| |||
| Home > C and C++ Implementation Details > C and C++ implementation details > Operations on basic data types | |||
The ARM compiler performs the usual arithmetic conversions set out in relevant sections of the ISO C99 and ISO C++ standards. The following subsections describe additional points that relate to arithmetic operations.
See also Expression evaluation.
The following statements apply to operations on the integral types:
All signed integer arithmetic uses a two's complement representation.
Bitwise operations on signed integral types follow the rules that arise naturally from two's complement representation. No sign extension takes place.
Right shifts on signed quantities are arithmetic.
For values of type int,
Shifts outside the range 0 to 127 are undefined.
Left shifts of more than 31 give a result of zero.
Right shifts of more than 31 give a result of zero from a shift of an unsigned value or positive signed value. They yield -1 from a shift of a negative signed value.
For values of type long long, shifts outside the range 0 to 63 are undefined.
The remainder on integer division has the same sign as the numerator, as mandated by the ISO C99 standard.
If a value of integral type is truncated to a shorter signed integral type, the result is obtained by discarding an appropriate number of most significant bits. If the original number is too large, positive or negative, for the new type, there is no guarantee that the sign of the result is going to be the same as the original.
A conversion between integral types does not raise an exception.
Integer overflow does not raise an exception.
Integer division by zero returns zero by default.
The following statements apply to operations on floating-point types:
Normal IEEE 754 rules apply.
Rounding is to the nearest representable value by default.
Floating-point exceptions are disabled by default.
Also, see --fpmode=model.
The IEEE 754 standard for floating-point processing states
that the default action to an exception is to proceed without a
trap. You can modify floating-point error handling by tailoring the
functions and definitions in fenv.h.

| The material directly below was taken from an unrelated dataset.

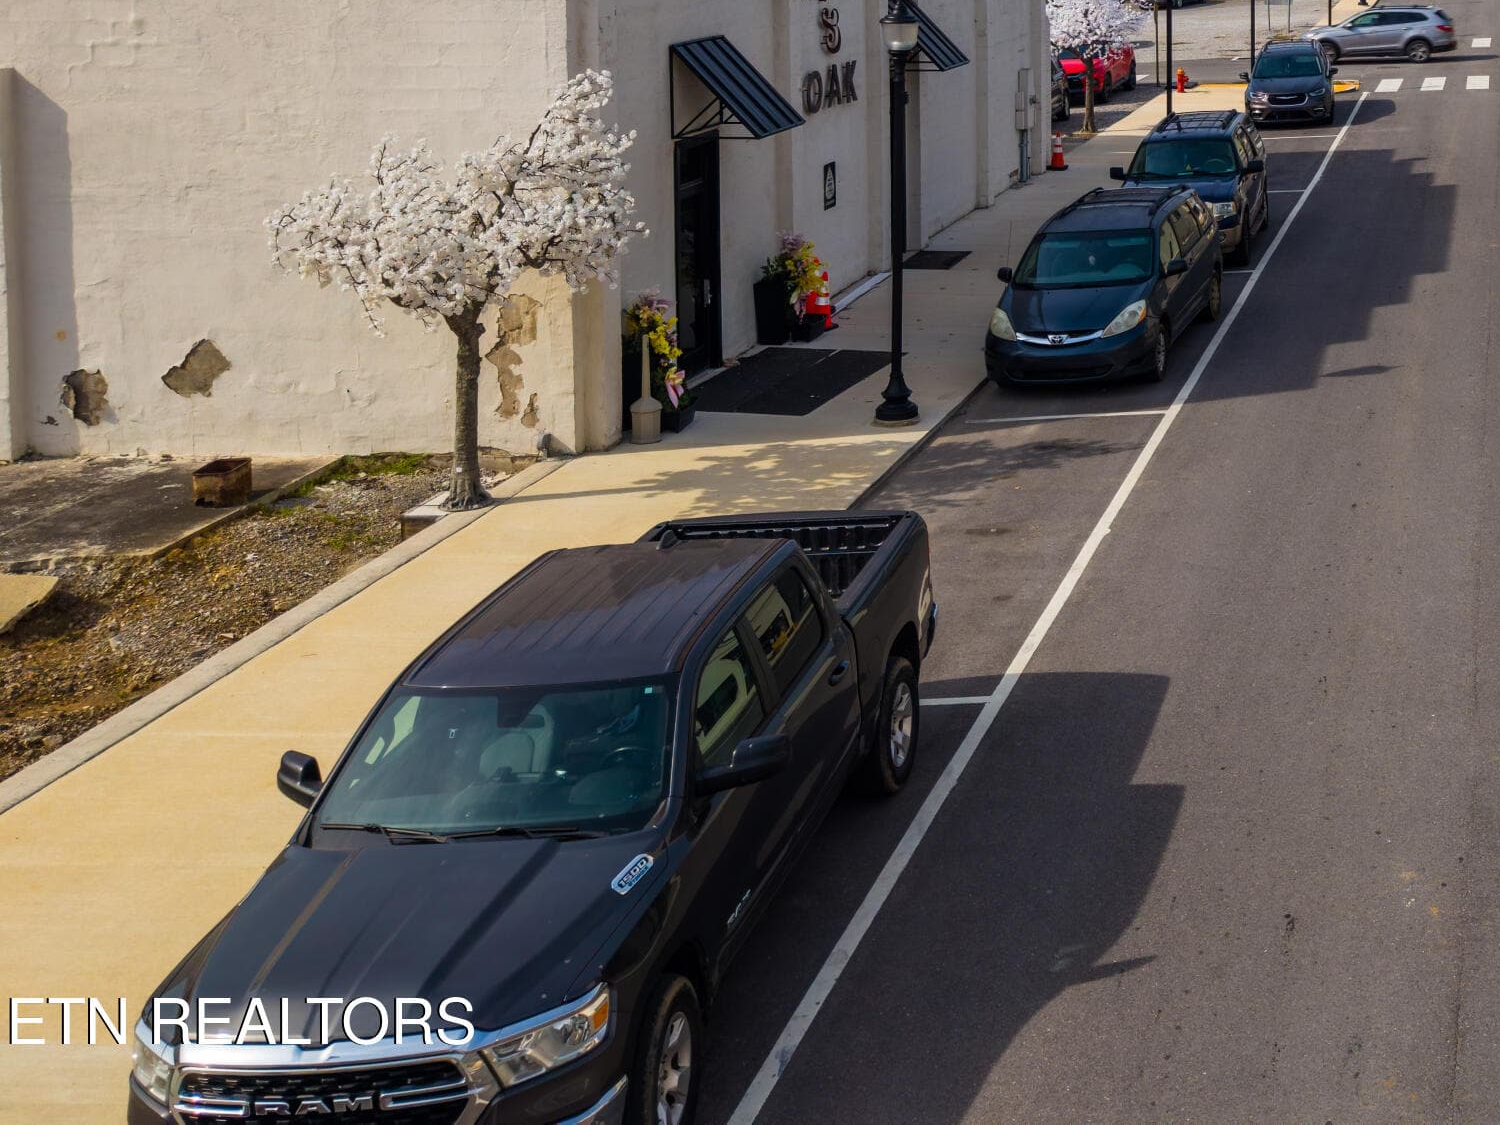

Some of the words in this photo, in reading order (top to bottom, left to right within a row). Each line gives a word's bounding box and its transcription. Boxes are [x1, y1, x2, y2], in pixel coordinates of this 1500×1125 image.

[803, 60, 858, 114] OAK
[618, 858, 647, 886] 1500
[254, 1095, 374, 1116] RAM
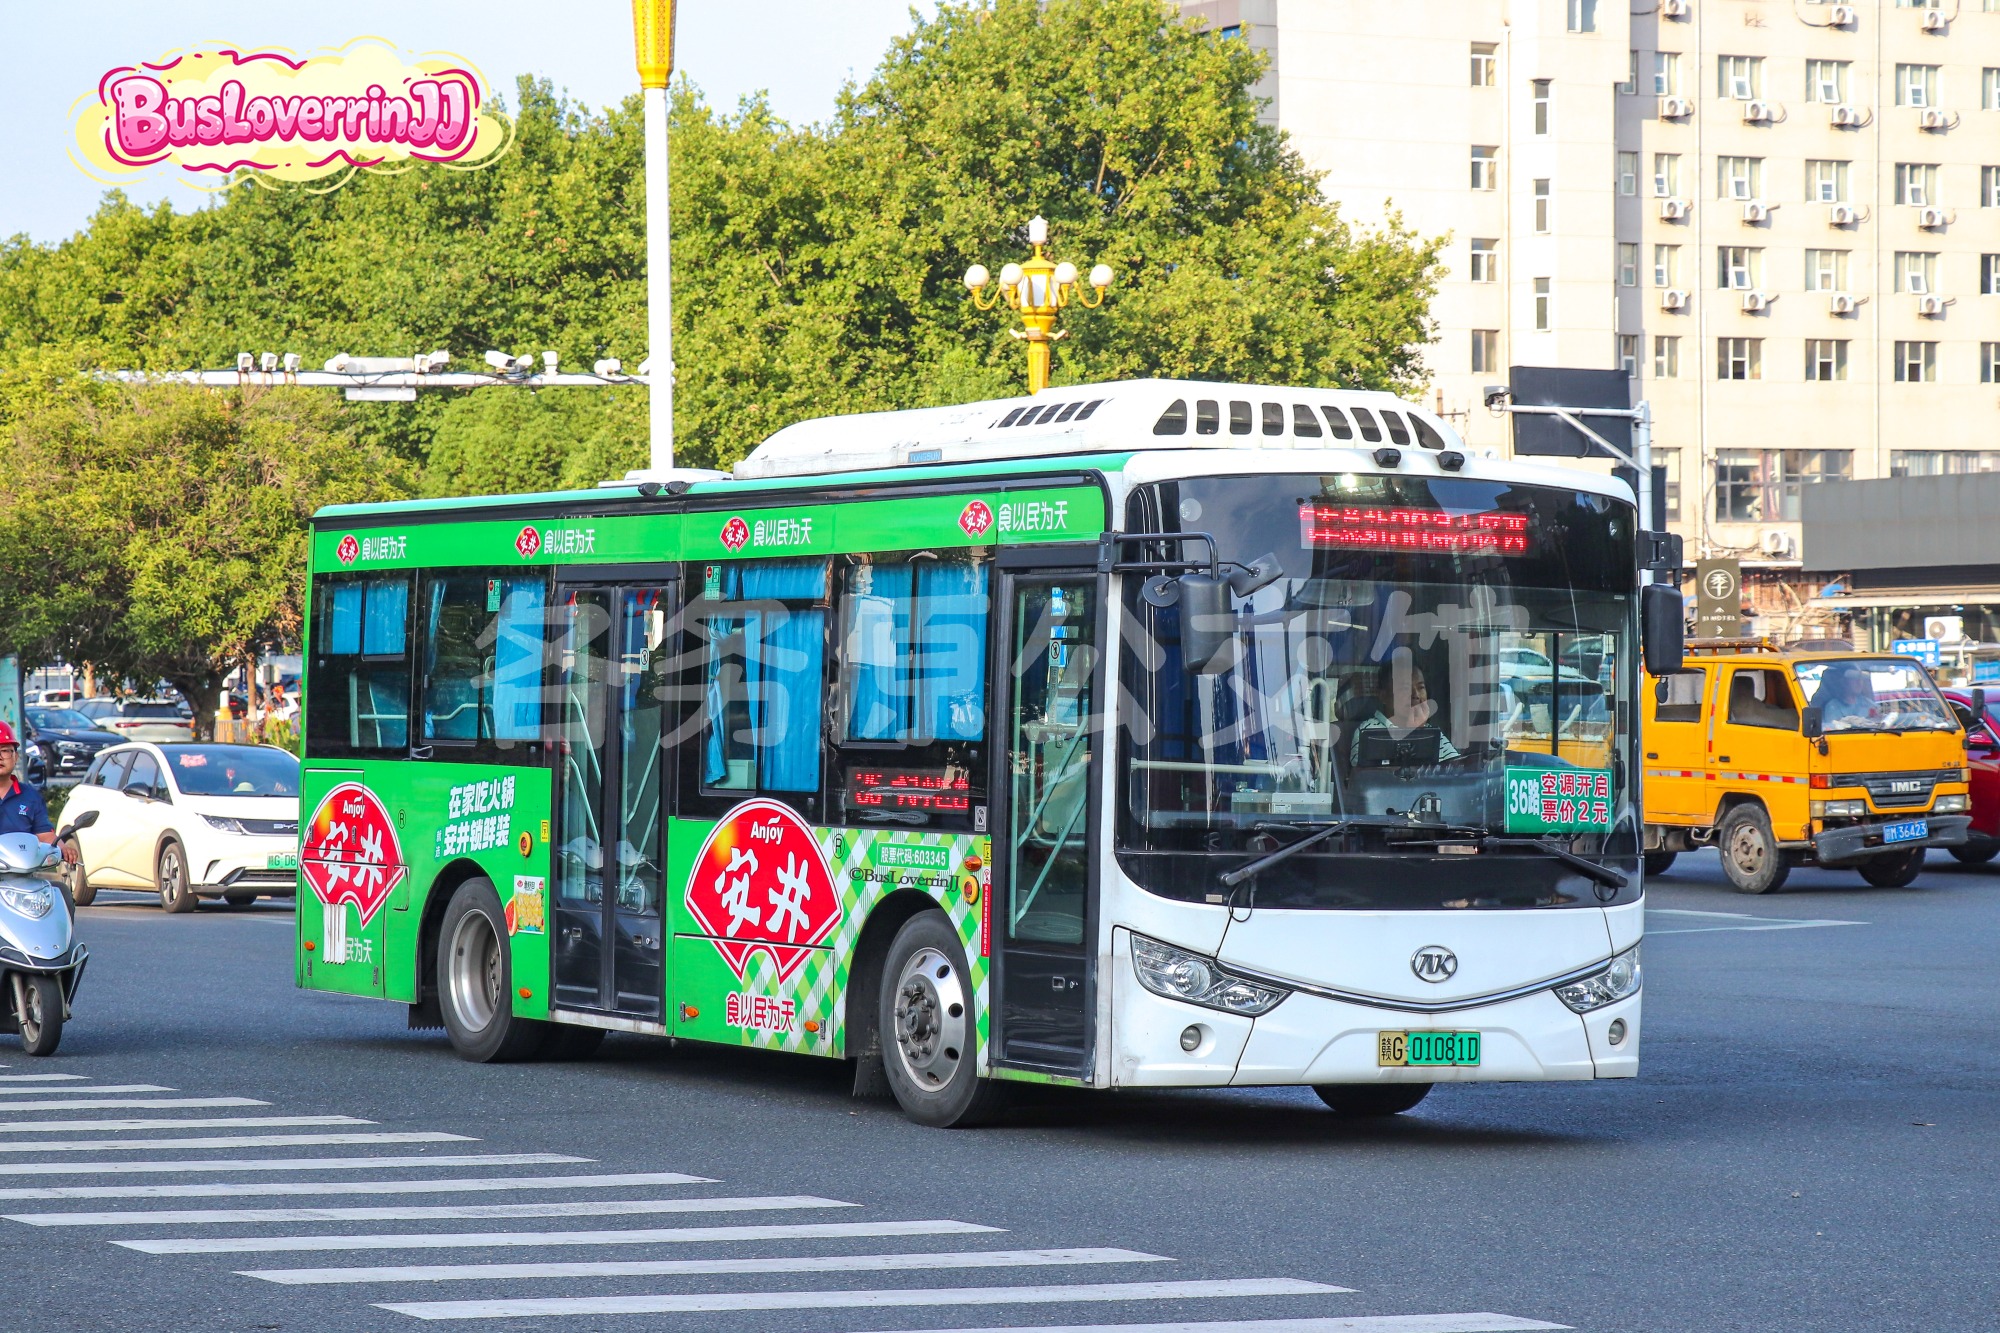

See Modification
of C library functions for error signaling, error handling, and
program exit in Using ARM® C and C++ Libraries and
Floating-Point Support for more information.
The following statements apply to all pointers in C. They also apply to pointers in C++, other than pointers to members:
When one pointer is subtracted from another, the difference is the result of the expression:
((int)a - (int)b) / (int)sizeof(type pointed to)
If the pointers point to objects whose alignment is the same as their size, this alignment ensures that division is exact.
If the pointers point to objects whose alignment is less than their size, such as packed types and most structs, both pointers must point to elements of the same array.